POLICE will be given new powers to “wand” or “scan” people for knives without a warrant at transport hubs, shopping centres and other crowded places.

The “commonsense reforms” targeting possession of knives, particularly among young people, are aimed at reducing knife crime and boosting community safety and will also make it illegal to sell knives to a child under the age of 18.
Premier Chris Minns said that in recent weeks and months, “we have all borne witness to the devastating outcomes of knife-related violence,” and although communities are still in mourning, “it’s essential that we step up to take immediate action to send a clear message that NSW will simply not accept these kinds of crimes”.
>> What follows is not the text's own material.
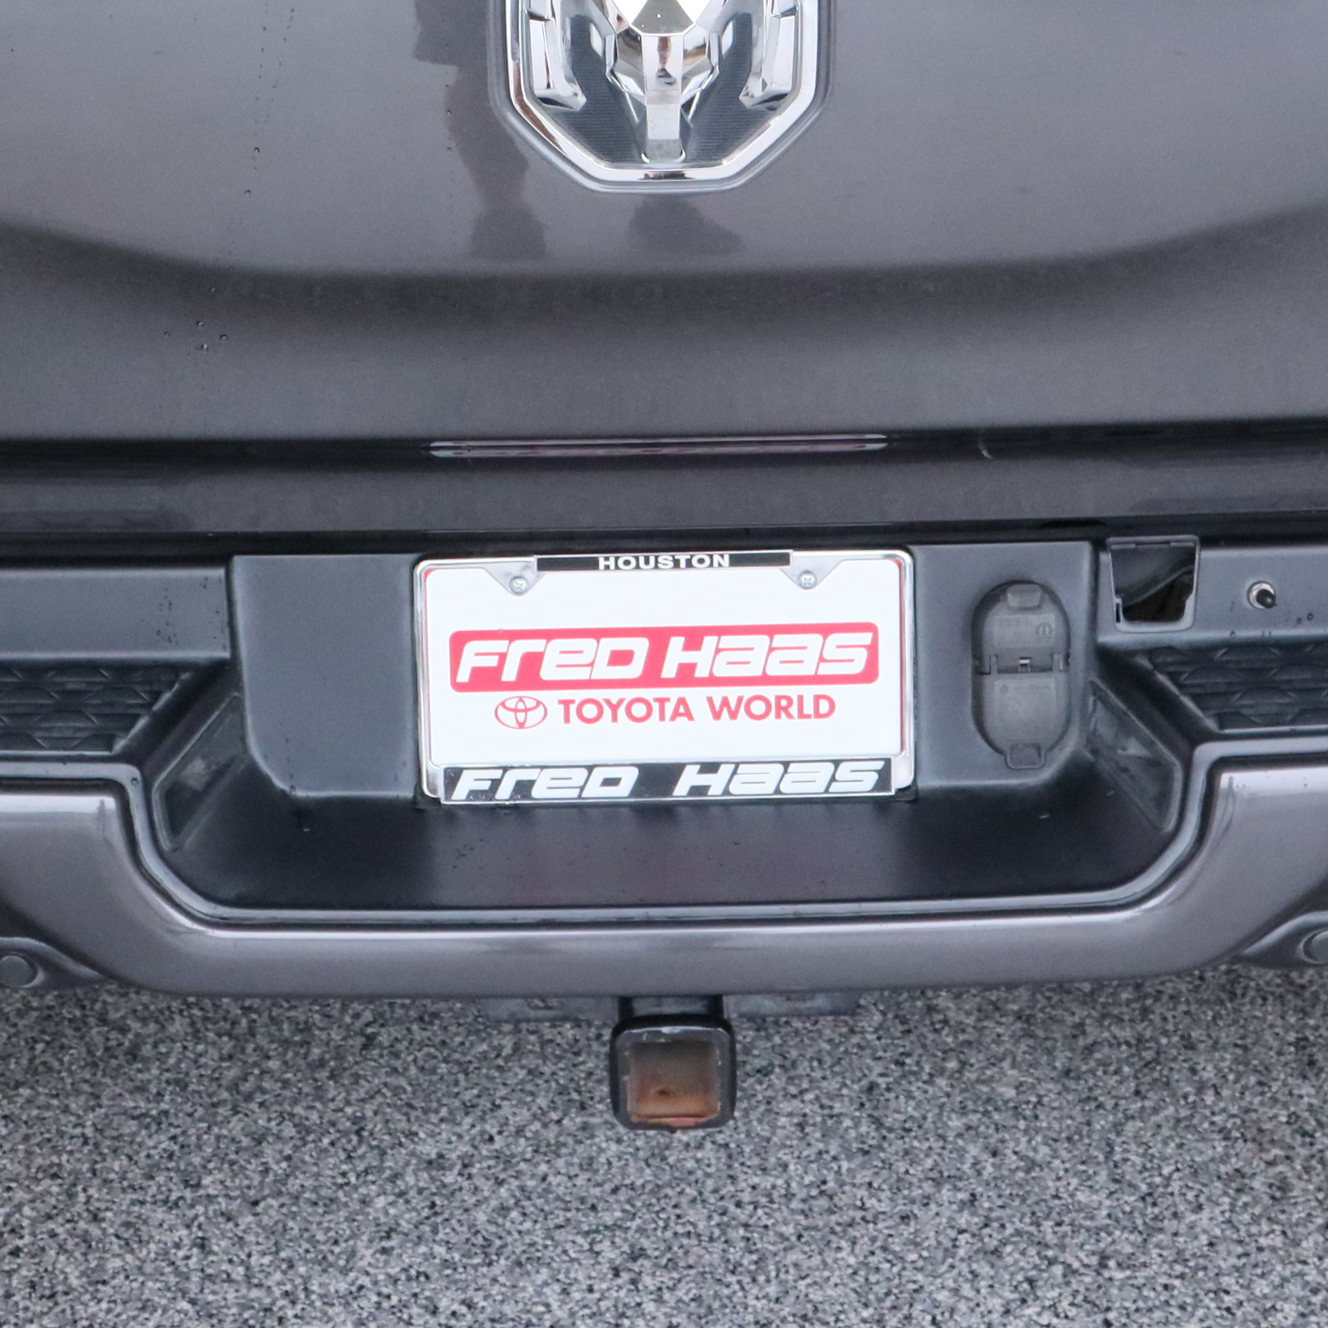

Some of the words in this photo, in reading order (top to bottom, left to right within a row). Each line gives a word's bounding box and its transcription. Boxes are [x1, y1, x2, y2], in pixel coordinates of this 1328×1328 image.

[598, 554, 730, 571] HOUSTON
[558, 696, 695, 726] TOYOTA
[706, 693, 837, 721] WORLD
Based on Queensland’s Jack’s Law – named after 17-year-old Jack Beasley who was fatally stabbed in 2019 on the Gold Coast – these new powers will be made available in circumstances where a relevant weapons offence/knife crime has occurred within the past six months and will include making it illegal to sell knives to a child under the age of 18, with provisions for exemptions for retailers selling to young people who need a knife for their work or study, and increased penalties for people selling knives to young people under the age of 18.
Attorney General Michael Daley said these changes increased police powers, toughened penalties and sent a clear signal that it was not okay to carry a knife.
“There are too many young people who think it is okay to put a knife into their pocket to carry out their daily business,” he said.
“The worrying thing is that, if they are open to carrying it, then they are probably open to using it. We want people to stop carrying knives, to leave them at home and to stop using them.”